Table 2 Comparison of key studies which report on timing of commencement of enteral feeding during treatment
Table 3 Comparison of key studies which commence enteral feeding via a prophylactic gastrostomy immediately

Some of the anticipated problems with this current study protocol will be patient adherence to recommendations. Capuano et al. have shown that patients who adhere to dietary recommendations have improved outcomes compared to those that do not adhere [37]. Therefore patients have been asked to keep a record of the number of feeds they have each day so that adherence can be considered as a confounding variable. Patients have also been asked to record any reasons why they have not had the recommended amount. This may be due to feeling full or bloating, or from side effects of treatment such as nausea, or from practical issues such as not having enough time in the day due to treatment schedules/appointments, being fatigued or financial difficulties to purchase the recommended feeds. This additional information from the study will provide evidence for the feasibility of implementing the early intervention into clinical practice, and will also assist in identifying factors that patients experience during treatment so that alternative strategies can be found.
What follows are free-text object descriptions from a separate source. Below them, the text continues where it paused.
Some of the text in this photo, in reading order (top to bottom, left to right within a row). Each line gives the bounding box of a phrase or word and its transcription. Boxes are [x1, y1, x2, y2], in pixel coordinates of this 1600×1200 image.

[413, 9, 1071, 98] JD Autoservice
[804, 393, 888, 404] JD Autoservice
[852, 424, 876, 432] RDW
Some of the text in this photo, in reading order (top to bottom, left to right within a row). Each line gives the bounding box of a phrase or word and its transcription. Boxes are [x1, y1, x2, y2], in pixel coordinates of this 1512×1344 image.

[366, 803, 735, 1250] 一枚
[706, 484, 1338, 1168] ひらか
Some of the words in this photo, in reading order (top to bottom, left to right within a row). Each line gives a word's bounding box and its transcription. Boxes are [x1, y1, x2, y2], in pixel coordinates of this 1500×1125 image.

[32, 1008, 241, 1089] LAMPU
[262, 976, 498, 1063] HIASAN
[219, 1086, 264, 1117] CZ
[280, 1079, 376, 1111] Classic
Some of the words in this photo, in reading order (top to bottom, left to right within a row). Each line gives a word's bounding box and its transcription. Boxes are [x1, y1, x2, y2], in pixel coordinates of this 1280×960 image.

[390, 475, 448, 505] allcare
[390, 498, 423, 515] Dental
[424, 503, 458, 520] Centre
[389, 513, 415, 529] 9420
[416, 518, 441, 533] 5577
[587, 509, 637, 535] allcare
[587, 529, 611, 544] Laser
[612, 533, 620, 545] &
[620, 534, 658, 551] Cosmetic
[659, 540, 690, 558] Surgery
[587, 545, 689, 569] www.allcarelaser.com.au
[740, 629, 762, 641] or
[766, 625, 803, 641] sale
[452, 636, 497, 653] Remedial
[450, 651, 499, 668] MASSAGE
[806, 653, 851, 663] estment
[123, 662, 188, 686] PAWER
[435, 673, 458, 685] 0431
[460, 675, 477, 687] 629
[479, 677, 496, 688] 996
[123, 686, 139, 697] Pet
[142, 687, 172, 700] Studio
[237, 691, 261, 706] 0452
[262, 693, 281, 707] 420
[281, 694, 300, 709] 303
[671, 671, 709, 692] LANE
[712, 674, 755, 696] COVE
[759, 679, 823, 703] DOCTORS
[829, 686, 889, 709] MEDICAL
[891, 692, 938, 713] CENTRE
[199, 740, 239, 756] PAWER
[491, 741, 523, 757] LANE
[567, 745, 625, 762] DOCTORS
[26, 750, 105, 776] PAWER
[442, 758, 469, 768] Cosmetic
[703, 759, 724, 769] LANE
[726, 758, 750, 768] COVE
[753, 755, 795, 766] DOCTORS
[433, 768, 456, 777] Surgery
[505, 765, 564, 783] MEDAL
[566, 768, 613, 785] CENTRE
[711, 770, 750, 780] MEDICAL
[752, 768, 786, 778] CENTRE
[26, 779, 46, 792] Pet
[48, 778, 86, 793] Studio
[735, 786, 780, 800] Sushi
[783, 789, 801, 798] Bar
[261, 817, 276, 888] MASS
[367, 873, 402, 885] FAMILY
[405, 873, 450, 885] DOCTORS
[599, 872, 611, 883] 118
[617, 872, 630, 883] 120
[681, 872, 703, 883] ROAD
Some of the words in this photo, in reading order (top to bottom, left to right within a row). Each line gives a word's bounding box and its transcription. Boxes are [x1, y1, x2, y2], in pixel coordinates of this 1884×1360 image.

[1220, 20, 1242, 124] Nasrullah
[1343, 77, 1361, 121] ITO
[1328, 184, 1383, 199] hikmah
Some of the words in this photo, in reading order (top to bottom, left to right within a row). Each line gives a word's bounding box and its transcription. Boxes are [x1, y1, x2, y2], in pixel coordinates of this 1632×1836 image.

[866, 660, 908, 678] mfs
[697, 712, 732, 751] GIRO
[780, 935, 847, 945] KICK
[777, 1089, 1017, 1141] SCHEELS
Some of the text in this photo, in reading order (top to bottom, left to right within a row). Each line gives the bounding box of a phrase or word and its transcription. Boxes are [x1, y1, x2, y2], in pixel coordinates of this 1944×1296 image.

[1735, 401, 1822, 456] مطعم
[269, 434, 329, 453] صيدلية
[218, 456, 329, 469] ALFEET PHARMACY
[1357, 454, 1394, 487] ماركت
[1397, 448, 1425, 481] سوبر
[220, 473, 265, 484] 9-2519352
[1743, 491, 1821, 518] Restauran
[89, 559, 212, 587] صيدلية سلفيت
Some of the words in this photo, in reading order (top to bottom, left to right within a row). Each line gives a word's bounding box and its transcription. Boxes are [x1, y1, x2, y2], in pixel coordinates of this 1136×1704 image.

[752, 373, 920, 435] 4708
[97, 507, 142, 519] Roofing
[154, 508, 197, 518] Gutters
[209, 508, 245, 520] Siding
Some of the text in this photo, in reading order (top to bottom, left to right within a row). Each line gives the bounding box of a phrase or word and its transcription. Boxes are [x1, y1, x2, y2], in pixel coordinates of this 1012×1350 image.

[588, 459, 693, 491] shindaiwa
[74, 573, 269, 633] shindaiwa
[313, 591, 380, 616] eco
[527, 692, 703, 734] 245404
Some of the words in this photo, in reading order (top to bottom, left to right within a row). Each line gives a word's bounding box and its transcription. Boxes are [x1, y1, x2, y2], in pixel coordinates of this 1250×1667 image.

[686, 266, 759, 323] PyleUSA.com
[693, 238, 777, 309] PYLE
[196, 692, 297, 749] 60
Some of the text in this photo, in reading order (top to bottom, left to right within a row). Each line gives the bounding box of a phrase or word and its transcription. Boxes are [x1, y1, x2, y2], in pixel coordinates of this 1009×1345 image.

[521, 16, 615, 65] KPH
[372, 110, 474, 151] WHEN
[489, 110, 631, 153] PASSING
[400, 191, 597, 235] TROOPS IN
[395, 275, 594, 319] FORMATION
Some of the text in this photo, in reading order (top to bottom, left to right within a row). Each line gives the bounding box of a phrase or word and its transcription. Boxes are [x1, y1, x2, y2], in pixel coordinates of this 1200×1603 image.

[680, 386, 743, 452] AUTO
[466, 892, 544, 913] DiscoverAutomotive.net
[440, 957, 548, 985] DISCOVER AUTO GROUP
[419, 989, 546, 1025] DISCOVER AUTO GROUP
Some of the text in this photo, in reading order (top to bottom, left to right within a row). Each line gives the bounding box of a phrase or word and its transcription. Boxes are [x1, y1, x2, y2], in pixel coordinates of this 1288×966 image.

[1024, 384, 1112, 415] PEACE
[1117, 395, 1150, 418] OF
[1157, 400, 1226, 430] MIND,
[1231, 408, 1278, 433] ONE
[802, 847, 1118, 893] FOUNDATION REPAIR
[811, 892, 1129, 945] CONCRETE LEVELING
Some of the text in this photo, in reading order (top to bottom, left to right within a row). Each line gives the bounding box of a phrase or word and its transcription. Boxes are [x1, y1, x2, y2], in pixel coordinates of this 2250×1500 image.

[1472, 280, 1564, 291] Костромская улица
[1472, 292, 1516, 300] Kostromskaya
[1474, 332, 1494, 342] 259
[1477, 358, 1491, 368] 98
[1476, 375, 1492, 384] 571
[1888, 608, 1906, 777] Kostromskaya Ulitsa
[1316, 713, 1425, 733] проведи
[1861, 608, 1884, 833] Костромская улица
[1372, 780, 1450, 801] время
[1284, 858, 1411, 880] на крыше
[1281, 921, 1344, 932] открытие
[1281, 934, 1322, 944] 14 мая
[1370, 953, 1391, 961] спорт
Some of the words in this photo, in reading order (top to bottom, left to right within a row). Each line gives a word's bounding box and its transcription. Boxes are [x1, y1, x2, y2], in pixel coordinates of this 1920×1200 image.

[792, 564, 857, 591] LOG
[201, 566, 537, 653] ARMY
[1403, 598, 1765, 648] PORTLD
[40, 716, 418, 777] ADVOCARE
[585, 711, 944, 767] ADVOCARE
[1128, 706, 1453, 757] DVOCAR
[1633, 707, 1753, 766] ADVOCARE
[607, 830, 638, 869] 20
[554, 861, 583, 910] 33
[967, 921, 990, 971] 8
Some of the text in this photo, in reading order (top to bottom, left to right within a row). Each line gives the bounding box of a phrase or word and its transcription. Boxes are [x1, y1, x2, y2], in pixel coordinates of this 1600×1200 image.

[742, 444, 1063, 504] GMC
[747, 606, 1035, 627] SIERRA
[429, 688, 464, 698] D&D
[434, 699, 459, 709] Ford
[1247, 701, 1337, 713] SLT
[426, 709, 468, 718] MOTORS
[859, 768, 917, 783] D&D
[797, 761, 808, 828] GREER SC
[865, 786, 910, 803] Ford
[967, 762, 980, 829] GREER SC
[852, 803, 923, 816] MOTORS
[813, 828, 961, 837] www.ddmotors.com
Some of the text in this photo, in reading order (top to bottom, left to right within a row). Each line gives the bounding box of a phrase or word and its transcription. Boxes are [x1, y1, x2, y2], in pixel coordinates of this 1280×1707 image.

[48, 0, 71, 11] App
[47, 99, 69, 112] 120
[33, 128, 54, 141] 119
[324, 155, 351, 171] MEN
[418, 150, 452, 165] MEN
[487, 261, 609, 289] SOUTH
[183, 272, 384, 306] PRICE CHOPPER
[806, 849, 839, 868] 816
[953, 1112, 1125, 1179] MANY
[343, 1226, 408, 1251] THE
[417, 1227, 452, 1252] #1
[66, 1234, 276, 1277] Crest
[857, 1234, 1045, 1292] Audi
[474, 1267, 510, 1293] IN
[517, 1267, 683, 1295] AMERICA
With the advent of evolving techniques using intensity modulated radiotherapy and helical tomotherapy, the dose to surrounding tissues (pharyngeal constrictor muscles) and salivary glands can be spared due to steeper dose gradient outside target volumes, and as a consequence there are less reports of long term dysphagia and xerostomia [3840]. Therefore it is hypothesized that patients may be less likely to require feeding tubes. The guidelines for prophylactic gastrostomy at our institution were previously validated in a patient cohort receiving standard 3D conformal radiotherapy [24] and so additional research is also planned to retrospectively re-validate these guidelines in patients now receiving helical tomotherapy to see whether the requirement for a feeding tube has changed. However it should be noted there are a range of other reasons why patients may have an inadequate oral intake other than dysphagia and xerostomia. Therefore these patients are still susceptible to weight loss and malnutrition, and the adverse consequences. So despite the reduction of some side effects in this population with evolving treatments, nutrition support can still be indicated for other reasons. Patients in this study protocol are being asked to record the main reason they are using the gastrostomy for nutrition support e.g. pain on swallowing (odynophagia), difficulty swallowing (dysphagia), painful ulcers (mucositis), difficulty chewing/dry mouth (xerostomia), taste changes (dysgeusia), nausea/vomiting or general poor appetite. These nutrition impact symptoms can all lead to a decline in nutritional status and weight loss, both of which have been associated with poor quality of life [41, 42].

In conclusion the results from this study will aim to address the questions regarding the optimal nutrition interventions required to manage patients with head and neck cancer and will also assist in our understanding of the impact of the new treatment regimens. Together this will inform future clinical practice for the nutritional management of this patient population to achieve positive outcomes.